Cette tonalité spirituelle du recueil s’affirme dès l’épigraphe extraite de
l’Évangile selon Marc : « Aussitôt ses oreilles s’ouvrirent, / sa langue se délia / et il
parlait correctement ». C’est à cette parole que nous convie le poète né à Winnipeg en
1945, fort de quarante années de métier récompensées par une multitude de prix. En
« Ouverture » (11), le lecteur est d’emblée propulsé au cœur du big bang — « Dans la
forme du chaos / la lumière eut lieu » — et le poète, en état de grâce, se retrouve en
quelque sorte voyeur, à la place de la divinité : « concentré en ce point / je fus l’œil
qui voit / mais ne peut se voir / et se voyait ». Prêt à voyager « dans l’arc immuable
des siècles », en position privilégiée derrière « le chas sublime », il se prépare pour un
pèlerinage invitant le lecteur à visiter en sa compagnie, par-delà le temps et les
siècles, une sélection de grands mystiques, immense épopée au terme de laquelle,
après somme toute peu de mots, les voyageurs seront transfigurés à l’image de cette
scansion prophétique : « ce qui peut s’écrouler en cendres / rendit grâce ».

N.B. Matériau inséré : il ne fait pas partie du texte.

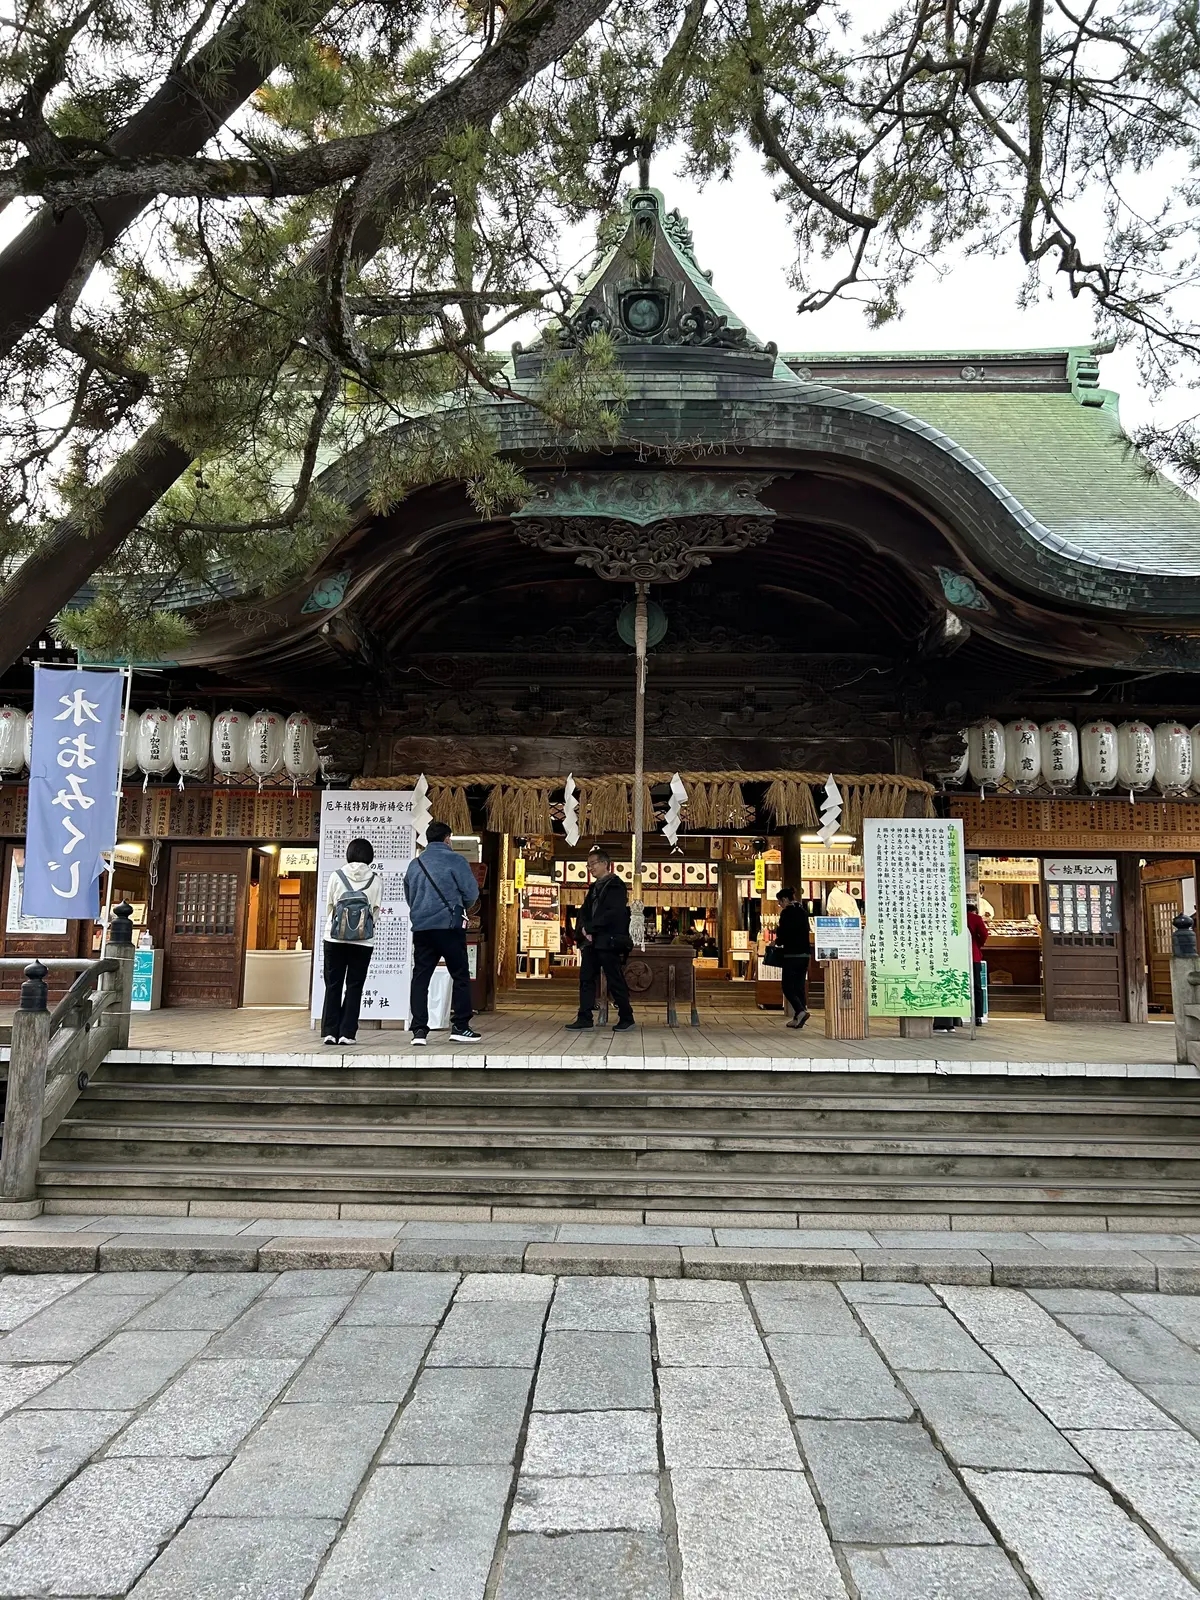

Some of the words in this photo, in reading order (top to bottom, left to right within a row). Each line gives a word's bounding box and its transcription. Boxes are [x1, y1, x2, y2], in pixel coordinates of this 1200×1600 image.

Première escale dans ce parcours mystique quelque peu éclectique — « Suite
dite de saint Jean de la Croix… » (12-16) —, éclairé par le compagnon spirituel de
Thérèse d’Avila, le poète plongé dans « l’épiphanie d’une grande illumination » (12)
rappelle le limites du monde matériel et de « toute science » aux prises avec les
questionnements existentiels : « la voie / n’a pas de traces devant / et se ferme
derrière ». Le deuxième texte de cette « Suite » insiste sur l’importance de l’absence
de lumière — le néologisme du titre est révélateur : « Révélation de la ténèbre [sic] »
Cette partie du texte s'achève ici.